* **TO DO**
An exact transcription of every entry is required, with the images left out.

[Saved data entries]
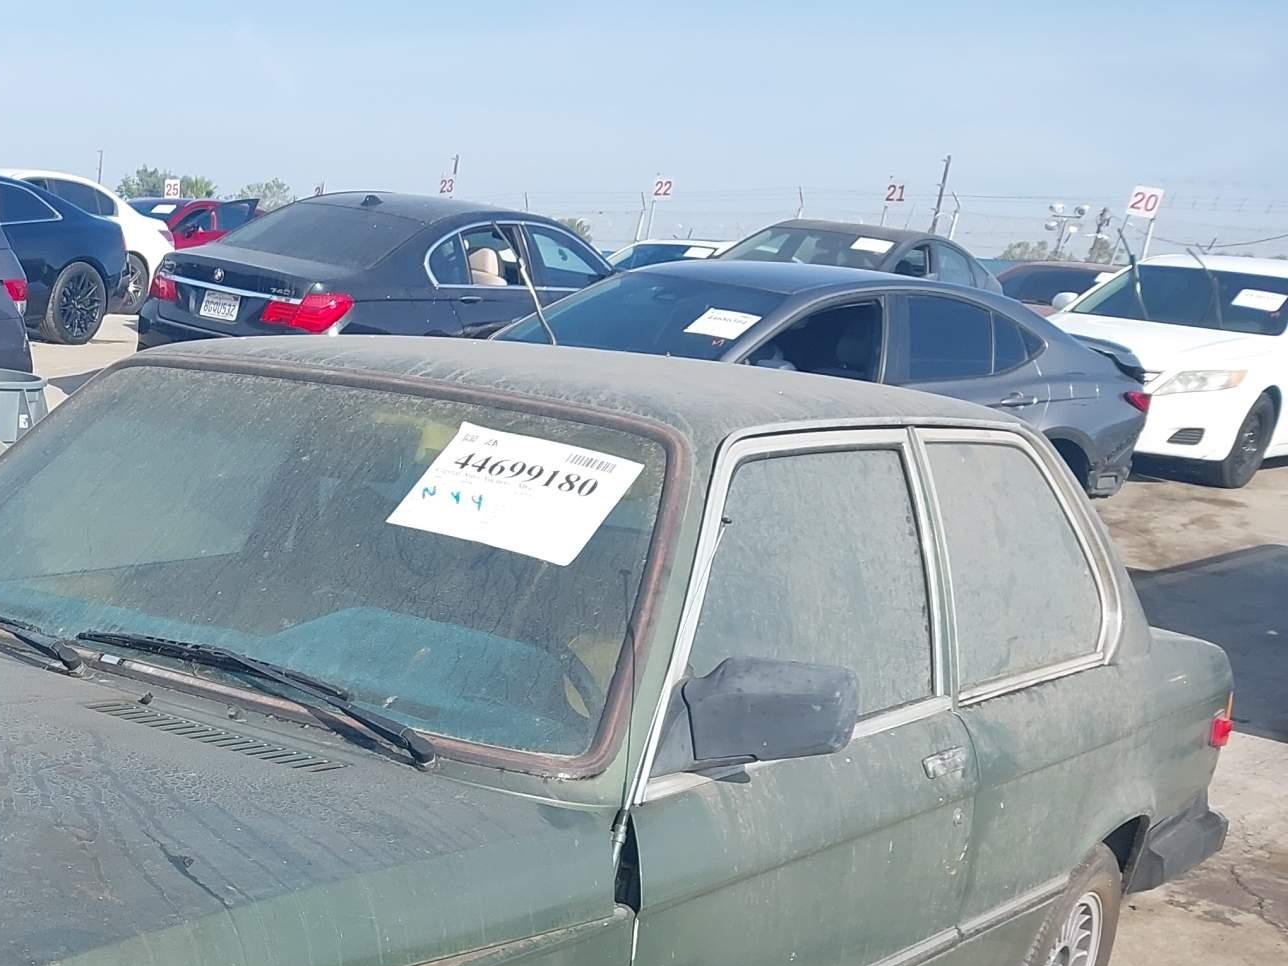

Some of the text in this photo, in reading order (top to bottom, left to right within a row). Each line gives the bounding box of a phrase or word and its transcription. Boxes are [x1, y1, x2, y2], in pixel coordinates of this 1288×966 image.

[165, 183, 179, 197] 25
[439, 178, 454, 194] 23
[653, 180, 673, 196] 22
[885, 184, 906, 203] 21
[1129, 191, 1160, 213] 20
[454, 452, 599, 497] 44699180

* **ANSWER TO THE PROBLEM**
Some of the text in this photo, in reading order (top to bottom, left to right within a row). Each line gives the bounding box of a phrase or word and its transcription. Boxes are [x1, y1, x2, y2], in pixel coordinates of this 1288×966 image.

[165, 183, 179, 197] 25
[439, 178, 454, 194] 23
[653, 180, 673, 196] 22
[885, 184, 906, 203] 21
[1129, 191, 1160, 213] 20
[454, 452, 599, 497] 44699180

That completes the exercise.